Problem statement - Pictures aside, return all of the records exactly as they stand.

[Collected data]
+--

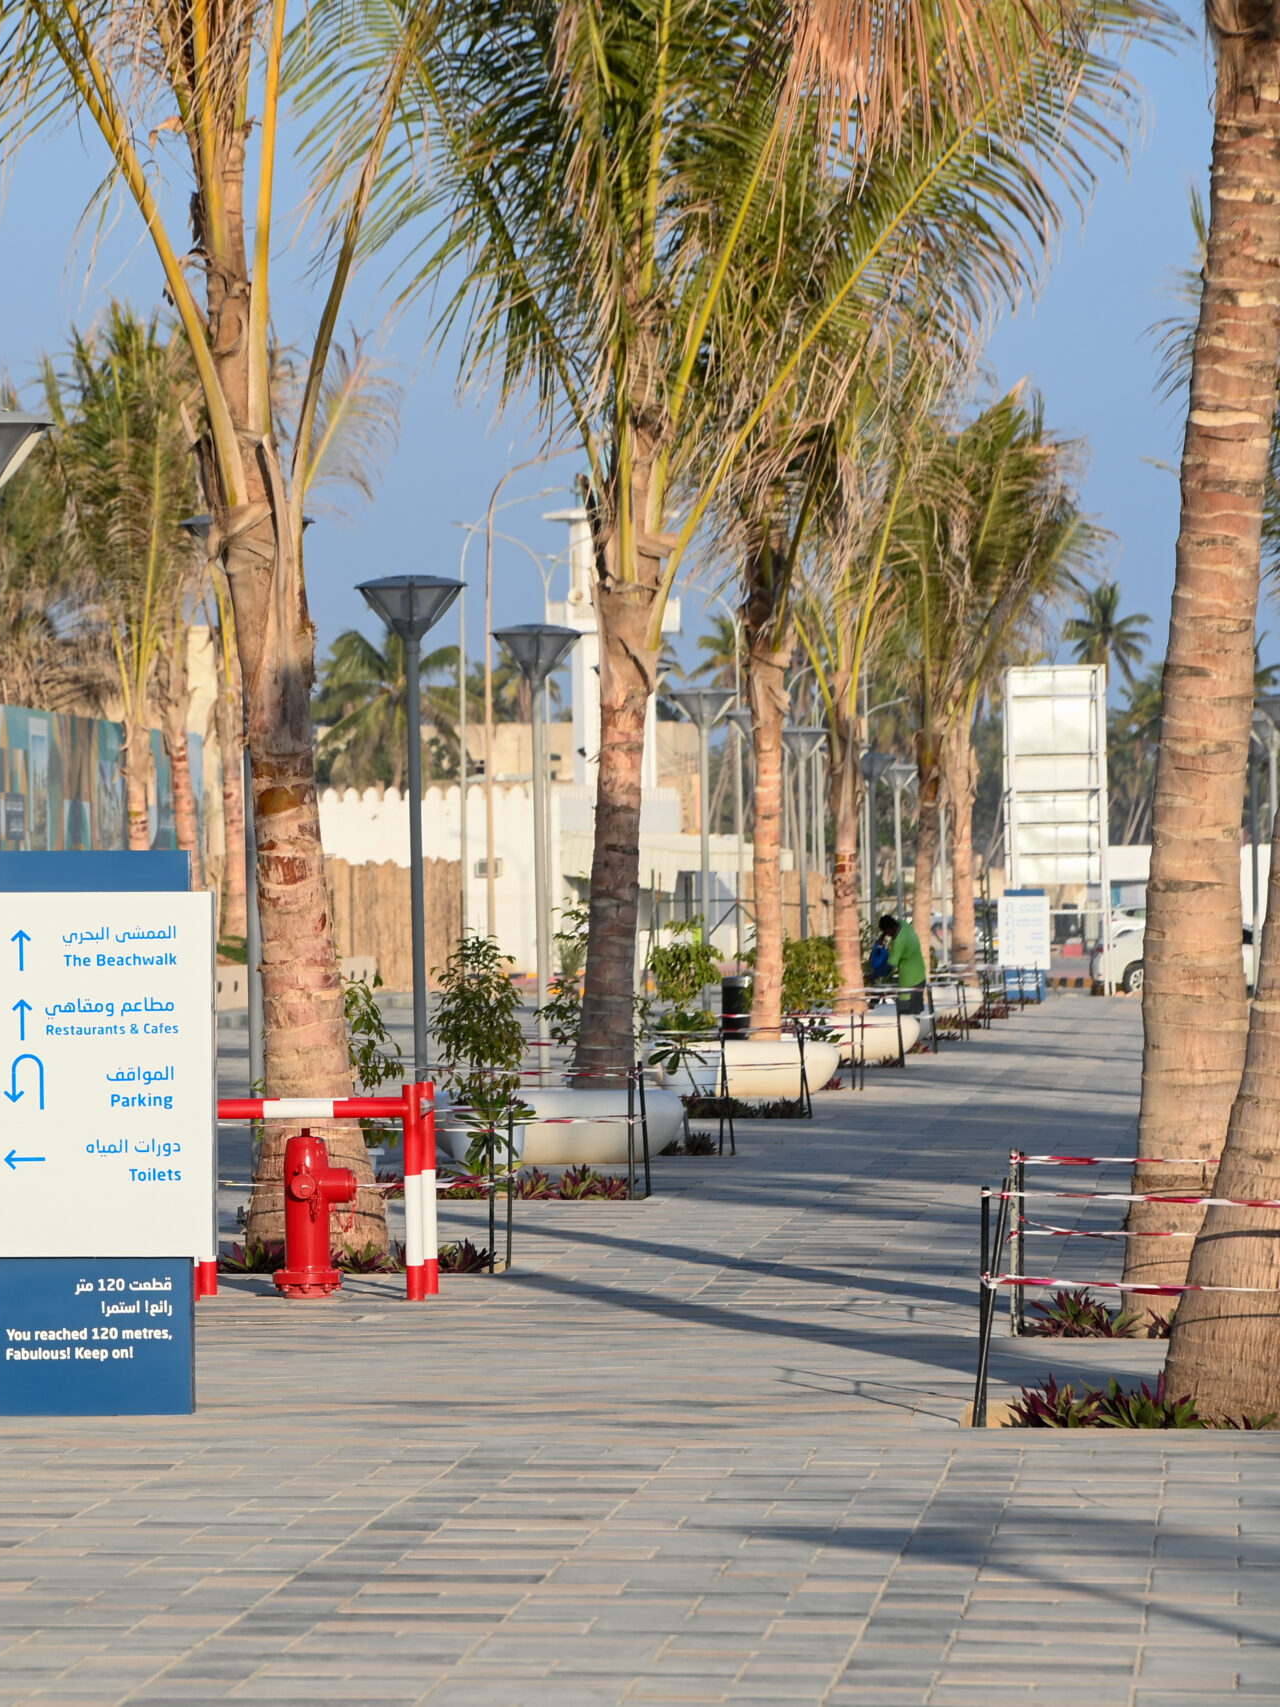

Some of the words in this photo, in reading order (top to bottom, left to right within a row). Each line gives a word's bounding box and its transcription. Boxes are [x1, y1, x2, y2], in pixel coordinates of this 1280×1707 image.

[61, 925, 110, 947] البحري
[114, 924, 177, 944] الممشى
[63, 953, 92, 968] The
[95, 952, 178, 967] Beachwalk
[44, 997, 116, 1020] ومقاهي
[120, 996, 175, 1018] مطاعم
[45, 1024, 127, 1036] Restaurants
[129, 1023, 140, 1035] &
[143, 1022, 180, 1035] Cafes
[105, 1065, 175, 1086] المواقف
[110, 1092, 174, 1110] Parking
[85, 1138, 129, 1158] المياه
[134, 1137, 182, 1158] دورات
[128, 1167, 183, 1182] Toilets
[74, 1278, 94, 1296] متر
[97, 1277, 126, 1292] 120
[128, 1276, 173, 1292] قطعت
[5, 1328, 32, 1342] You
[34, 1327, 88, 1341] reached
[91, 1326, 119, 1340] 120
[5, 1346, 71, 1361] Fabulous!
[74, 1346, 109, 1362] Keep
[111, 1345, 134, 1360] on!

+--

Result -
Some of the words in this photo, in reading order (top to bottom, left to right within a row). Each line gives a word's bounding box and its transcription. Boxes are [x1, y1, x2, y2], in pixel coordinates of this 1280×1707 image.

[61, 925, 110, 947] البحري
[114, 924, 177, 944] الممشى
[63, 953, 92, 968] The
[95, 952, 178, 967] Beachwalk
[44, 997, 116, 1020] ومقاهي
[120, 996, 175, 1018] مطاعم
[45, 1024, 127, 1036] Restaurants
[129, 1023, 140, 1035] &
[143, 1022, 180, 1035] Cafes
[105, 1065, 175, 1086] المواقف
[110, 1092, 174, 1110] Parking
[85, 1138, 129, 1158] المياه
[134, 1137, 182, 1158] دورات
[128, 1167, 183, 1182] Toilets
[74, 1278, 94, 1296] متر
[97, 1277, 126, 1292] 120
[128, 1276, 173, 1292] قطعت
[5, 1328, 32, 1342] You
[34, 1327, 88, 1341] reached
[91, 1326, 119, 1340] 120
[5, 1346, 71, 1361] Fabulous!
[74, 1346, 109, 1362] Keep
[111, 1345, 134, 1360] on!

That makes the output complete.